Stored records:
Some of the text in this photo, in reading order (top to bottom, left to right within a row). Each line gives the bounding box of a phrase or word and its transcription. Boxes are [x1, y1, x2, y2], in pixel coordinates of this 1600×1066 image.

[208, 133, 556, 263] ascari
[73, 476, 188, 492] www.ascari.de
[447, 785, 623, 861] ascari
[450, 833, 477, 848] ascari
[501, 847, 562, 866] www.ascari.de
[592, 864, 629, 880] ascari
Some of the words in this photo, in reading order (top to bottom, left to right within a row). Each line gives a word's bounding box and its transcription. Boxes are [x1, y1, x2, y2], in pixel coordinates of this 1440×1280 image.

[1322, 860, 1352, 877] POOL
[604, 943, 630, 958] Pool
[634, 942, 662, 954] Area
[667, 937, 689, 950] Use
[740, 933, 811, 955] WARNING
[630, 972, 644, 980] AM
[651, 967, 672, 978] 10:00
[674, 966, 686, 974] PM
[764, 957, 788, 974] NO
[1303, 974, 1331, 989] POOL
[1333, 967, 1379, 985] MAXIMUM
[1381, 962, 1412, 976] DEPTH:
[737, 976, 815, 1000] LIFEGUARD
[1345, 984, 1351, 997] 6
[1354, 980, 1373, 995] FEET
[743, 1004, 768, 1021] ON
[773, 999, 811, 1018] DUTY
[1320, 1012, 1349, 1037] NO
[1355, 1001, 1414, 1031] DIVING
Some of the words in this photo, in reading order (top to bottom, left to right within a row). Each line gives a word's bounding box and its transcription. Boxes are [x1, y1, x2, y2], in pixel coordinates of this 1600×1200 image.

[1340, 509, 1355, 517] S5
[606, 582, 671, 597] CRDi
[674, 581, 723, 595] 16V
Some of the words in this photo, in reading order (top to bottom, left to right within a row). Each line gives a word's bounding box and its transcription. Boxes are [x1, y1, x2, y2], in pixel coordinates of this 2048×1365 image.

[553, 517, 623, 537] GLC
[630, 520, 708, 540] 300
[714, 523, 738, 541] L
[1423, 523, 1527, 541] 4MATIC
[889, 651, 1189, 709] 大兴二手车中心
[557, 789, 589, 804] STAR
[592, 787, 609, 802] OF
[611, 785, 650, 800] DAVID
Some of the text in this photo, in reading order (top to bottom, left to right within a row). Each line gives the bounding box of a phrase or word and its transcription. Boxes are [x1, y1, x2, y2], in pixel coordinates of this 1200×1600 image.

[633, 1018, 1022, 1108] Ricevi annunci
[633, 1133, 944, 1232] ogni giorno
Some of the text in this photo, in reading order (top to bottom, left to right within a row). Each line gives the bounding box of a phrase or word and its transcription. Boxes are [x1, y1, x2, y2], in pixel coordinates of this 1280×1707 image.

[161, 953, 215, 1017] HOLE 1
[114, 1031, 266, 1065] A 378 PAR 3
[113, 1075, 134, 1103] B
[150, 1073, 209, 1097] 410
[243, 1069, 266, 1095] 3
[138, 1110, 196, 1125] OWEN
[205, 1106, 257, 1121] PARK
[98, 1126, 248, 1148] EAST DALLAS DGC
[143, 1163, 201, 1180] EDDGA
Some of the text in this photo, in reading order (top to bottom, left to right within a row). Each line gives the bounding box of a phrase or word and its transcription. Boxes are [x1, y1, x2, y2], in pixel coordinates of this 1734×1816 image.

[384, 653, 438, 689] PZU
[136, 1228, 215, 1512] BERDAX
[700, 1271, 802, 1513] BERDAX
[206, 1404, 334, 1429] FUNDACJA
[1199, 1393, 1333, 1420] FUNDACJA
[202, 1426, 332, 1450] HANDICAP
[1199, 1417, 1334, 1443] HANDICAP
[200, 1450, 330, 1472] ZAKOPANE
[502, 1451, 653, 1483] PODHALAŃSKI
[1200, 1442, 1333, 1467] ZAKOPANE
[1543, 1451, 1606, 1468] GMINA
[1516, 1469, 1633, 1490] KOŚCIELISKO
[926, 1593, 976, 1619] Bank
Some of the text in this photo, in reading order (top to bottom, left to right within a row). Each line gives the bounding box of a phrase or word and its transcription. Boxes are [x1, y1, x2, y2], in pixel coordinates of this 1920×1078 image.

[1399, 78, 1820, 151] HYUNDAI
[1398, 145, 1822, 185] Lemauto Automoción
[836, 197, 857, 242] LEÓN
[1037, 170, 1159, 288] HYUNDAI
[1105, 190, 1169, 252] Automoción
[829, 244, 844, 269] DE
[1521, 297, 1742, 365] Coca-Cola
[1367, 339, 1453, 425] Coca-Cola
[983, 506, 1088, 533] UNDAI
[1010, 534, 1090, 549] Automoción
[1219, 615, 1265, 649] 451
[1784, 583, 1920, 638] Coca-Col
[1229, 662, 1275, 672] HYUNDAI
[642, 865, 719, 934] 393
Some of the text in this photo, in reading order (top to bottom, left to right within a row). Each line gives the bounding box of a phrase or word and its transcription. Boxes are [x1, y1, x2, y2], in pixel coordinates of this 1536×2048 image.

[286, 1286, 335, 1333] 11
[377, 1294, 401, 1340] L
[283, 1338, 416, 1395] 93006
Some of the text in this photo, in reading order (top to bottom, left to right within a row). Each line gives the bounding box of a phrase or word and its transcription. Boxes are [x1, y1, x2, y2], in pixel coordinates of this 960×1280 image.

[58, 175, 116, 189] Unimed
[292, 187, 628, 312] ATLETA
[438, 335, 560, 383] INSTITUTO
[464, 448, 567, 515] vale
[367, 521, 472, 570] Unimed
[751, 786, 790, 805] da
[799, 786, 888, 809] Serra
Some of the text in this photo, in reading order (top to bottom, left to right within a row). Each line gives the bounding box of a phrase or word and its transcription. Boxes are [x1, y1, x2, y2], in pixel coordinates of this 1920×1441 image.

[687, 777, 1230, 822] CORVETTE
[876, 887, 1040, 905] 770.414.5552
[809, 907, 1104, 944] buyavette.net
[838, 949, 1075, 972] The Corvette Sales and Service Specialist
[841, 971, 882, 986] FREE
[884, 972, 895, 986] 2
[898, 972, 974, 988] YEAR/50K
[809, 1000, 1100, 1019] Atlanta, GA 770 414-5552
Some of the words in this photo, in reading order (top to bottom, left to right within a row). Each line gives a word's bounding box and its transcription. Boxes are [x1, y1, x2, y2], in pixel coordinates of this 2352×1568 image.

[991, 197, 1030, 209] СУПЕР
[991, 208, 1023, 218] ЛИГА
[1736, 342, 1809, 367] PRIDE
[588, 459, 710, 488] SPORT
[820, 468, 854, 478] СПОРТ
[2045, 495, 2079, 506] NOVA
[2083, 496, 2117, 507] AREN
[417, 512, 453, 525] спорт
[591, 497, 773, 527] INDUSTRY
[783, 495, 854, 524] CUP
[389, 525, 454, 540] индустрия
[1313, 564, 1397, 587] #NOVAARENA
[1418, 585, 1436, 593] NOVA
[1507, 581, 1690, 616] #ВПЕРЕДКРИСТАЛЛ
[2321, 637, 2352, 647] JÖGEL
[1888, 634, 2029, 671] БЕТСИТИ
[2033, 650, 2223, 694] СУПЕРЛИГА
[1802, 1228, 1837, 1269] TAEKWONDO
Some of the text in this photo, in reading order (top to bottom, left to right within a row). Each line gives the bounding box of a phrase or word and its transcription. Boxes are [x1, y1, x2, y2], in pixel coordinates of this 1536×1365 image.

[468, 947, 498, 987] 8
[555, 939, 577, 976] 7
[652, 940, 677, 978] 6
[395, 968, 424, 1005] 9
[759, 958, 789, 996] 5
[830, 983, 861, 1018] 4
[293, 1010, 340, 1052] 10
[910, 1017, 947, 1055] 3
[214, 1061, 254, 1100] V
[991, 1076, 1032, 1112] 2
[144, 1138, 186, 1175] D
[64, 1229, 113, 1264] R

WHAT THE EXERCISE ASKS: Exactly as they appear above, transcribe the records in full.

ANSWER TO THIS EXERCISE:
Some of the text in this photo, in reading order (top to bottom, left to right within a row). Each line gives the bounding box of a phrase or word and its transcription. Boxes are [x1, y1, x2, y2], in pixel coordinates of this 1600×1066 image.

[208, 133, 556, 263] ascari
[73, 476, 188, 492] www.ascari.de
[447, 785, 623, 861] ascari
[450, 833, 477, 848] ascari
[501, 847, 562, 866] www.ascari.de
[592, 864, 629, 880] ascari
Some of the words in this photo, in reading order (top to bottom, left to right within a row). Each line gives a word's bounding box and its transcription. Boxes are [x1, y1, x2, y2], in pixel coordinates of this 1440×1280 image.

[1322, 860, 1352, 877] POOL
[604, 943, 630, 958] Pool
[634, 942, 662, 954] Area
[667, 937, 689, 950] Use
[740, 933, 811, 955] WARNING
[630, 972, 644, 980] AM
[651, 967, 672, 978] 10:00
[674, 966, 686, 974] PM
[764, 957, 788, 974] NO
[1303, 974, 1331, 989] POOL
[1333, 967, 1379, 985] MAXIMUM
[1381, 962, 1412, 976] DEPTH:
[737, 976, 815, 1000] LIFEGUARD
[1345, 984, 1351, 997] 6
[1354, 980, 1373, 995] FEET
[743, 1004, 768, 1021] ON
[773, 999, 811, 1018] DUTY
[1320, 1012, 1349, 1037] NO
[1355, 1001, 1414, 1031] DIVING
Some of the words in this photo, in reading order (top to bottom, left to right within a row). Each line gives a word's bounding box and its transcription. Boxes are [x1, y1, x2, y2], in pixel coordinates of this 1600×1200 image.

[1340, 509, 1355, 517] S5
[606, 582, 671, 597] CRDi
[674, 581, 723, 595] 16V
Some of the words in this photo, in reading order (top to bottom, left to right within a row). Each line gives a word's bounding box and its transcription. Boxes are [x1, y1, x2, y2], in pixel coordinates of this 2048×1365 image.

[553, 517, 623, 537] GLC
[630, 520, 708, 540] 300
[714, 523, 738, 541] L
[1423, 523, 1527, 541] 4MATIC
[889, 651, 1189, 709] 大兴二手车中心
[557, 789, 589, 804] STAR
[592, 787, 609, 802] OF
[611, 785, 650, 800] DAVID
Some of the text in this photo, in reading order (top to bottom, left to right within a row). Each line gives the bounding box of a phrase or word and its transcription. Boxes are [x1, y1, x2, y2], in pixel coordinates of this 1200×1600 image.

[633, 1018, 1022, 1108] Ricevi annunci
[633, 1133, 944, 1232] ogni giorno
Some of the text in this photo, in reading order (top to bottom, left to right within a row). Each line gives the bounding box of a phrase or word and its transcription. Boxes are [x1, y1, x2, y2], in pixel coordinates of this 1280×1707 image.

[161, 953, 215, 1017] HOLE 1
[114, 1031, 266, 1065] A 378 PAR 3
[113, 1075, 134, 1103] B
[150, 1073, 209, 1097] 410
[243, 1069, 266, 1095] 3
[138, 1110, 196, 1125] OWEN
[205, 1106, 257, 1121] PARK
[98, 1126, 248, 1148] EAST DALLAS DGC
[143, 1163, 201, 1180] EDDGA
Some of the text in this photo, in reading order (top to bottom, left to right within a row). Each line gives the bounding box of a phrase or word and its transcription. Boxes are [x1, y1, x2, y2], in pixel coordinates of this 1734×1816 image.

[384, 653, 438, 689] PZU
[136, 1228, 215, 1512] BERDAX
[700, 1271, 802, 1513] BERDAX
[206, 1404, 334, 1429] FUNDACJA
[1199, 1393, 1333, 1420] FUNDACJA
[202, 1426, 332, 1450] HANDICAP
[1199, 1417, 1334, 1443] HANDICAP
[200, 1450, 330, 1472] ZAKOPANE
[502, 1451, 653, 1483] PODHALAŃSKI
[1200, 1442, 1333, 1467] ZAKOPANE
[1543, 1451, 1606, 1468] GMINA
[1516, 1469, 1633, 1490] KOŚCIELISKO
[926, 1593, 976, 1619] Bank
Some of the text in this photo, in reading order (top to bottom, left to right within a row). Each line gives the bounding box of a phrase or word and its transcription. Boxes are [x1, y1, x2, y2], in pixel coordinates of this 1920×1078 image.

[1399, 78, 1820, 151] HYUNDAI
[1398, 145, 1822, 185] Lemauto Automoción
[836, 197, 857, 242] LEÓN
[1037, 170, 1159, 288] HYUNDAI
[1105, 190, 1169, 252] Automoción
[829, 244, 844, 269] DE
[1521, 297, 1742, 365] Coca-Cola
[1367, 339, 1453, 425] Coca-Cola
[983, 506, 1088, 533] UNDAI
[1010, 534, 1090, 549] Automoción
[1219, 615, 1265, 649] 451
[1784, 583, 1920, 638] Coca-Col
[1229, 662, 1275, 672] HYUNDAI
[642, 865, 719, 934] 393
Some of the text in this photo, in reading order (top to bottom, left to right within a row). Each line gives the bounding box of a phrase or word and its transcription. Boxes are [x1, y1, x2, y2], in pixel coordinates of this 1536×2048 image.

[286, 1286, 335, 1333] 11
[377, 1294, 401, 1340] L
[283, 1338, 416, 1395] 93006
Some of the text in this photo, in reading order (top to bottom, left to right within a row). Each line gives the bounding box of a phrase or word and its transcription. Boxes are [x1, y1, x2, y2], in pixel coordinates of this 960×1280 image.

[58, 175, 116, 189] Unimed
[292, 187, 628, 312] ATLETA
[438, 335, 560, 383] INSTITUTO
[464, 448, 567, 515] vale
[367, 521, 472, 570] Unimed
[751, 786, 790, 805] da
[799, 786, 888, 809] Serra
Some of the text in this photo, in reading order (top to bottom, left to right within a row). Each line gives the bounding box of a phrase or word and its transcription. Boxes are [x1, y1, x2, y2], in pixel coordinates of this 1920×1441 image.

[687, 777, 1230, 822] CORVETTE
[876, 887, 1040, 905] 770.414.5552
[809, 907, 1104, 944] buyavette.net
[838, 949, 1075, 972] The Corvette Sales and Service Specialist
[841, 971, 882, 986] FREE
[884, 972, 895, 986] 2
[898, 972, 974, 988] YEAR/50K
[809, 1000, 1100, 1019] Atlanta, GA 770 414-5552
Some of the words in this photo, in reading order (top to bottom, left to right within a row). Each line gives a word's bounding box and its transcription. Boxes are [x1, y1, x2, y2], in pixel coordinates of this 2352×1568 image.

[991, 197, 1030, 209] СУПЕР
[991, 208, 1023, 218] ЛИГА
[1736, 342, 1809, 367] PRIDE
[588, 459, 710, 488] SPORT
[820, 468, 854, 478] СПОРТ
[2045, 495, 2079, 506] NOVA
[2083, 496, 2117, 507] AREN
[417, 512, 453, 525] спорт
[591, 497, 773, 527] INDUSTRY
[783, 495, 854, 524] CUP
[389, 525, 454, 540] индустрия
[1313, 564, 1397, 587] #NOVAARENA
[1418, 585, 1436, 593] NOVA
[1507, 581, 1690, 616] #ВПЕРЕДКРИСТАЛЛ
[2321, 637, 2352, 647] JÖGEL
[1888, 634, 2029, 671] БЕТСИТИ
[2033, 650, 2223, 694] СУПЕРЛИГА
[1802, 1228, 1837, 1269] TAEKWONDO
Some of the text in this photo, in reading order (top to bottom, left to right within a row). Each line gives the bounding box of a phrase or word and its transcription. Boxes are [x1, y1, x2, y2], in pixel coordinates of this 1536×1365 image.

[468, 947, 498, 987] 8
[555, 939, 577, 976] 7
[652, 940, 677, 978] 6
[395, 968, 424, 1005] 9
[759, 958, 789, 996] 5
[830, 983, 861, 1018] 4
[293, 1010, 340, 1052] 10
[910, 1017, 947, 1055] 3
[214, 1061, 254, 1100] V
[991, 1076, 1032, 1112] 2
[144, 1138, 186, 1175] D
[64, 1229, 113, 1264] R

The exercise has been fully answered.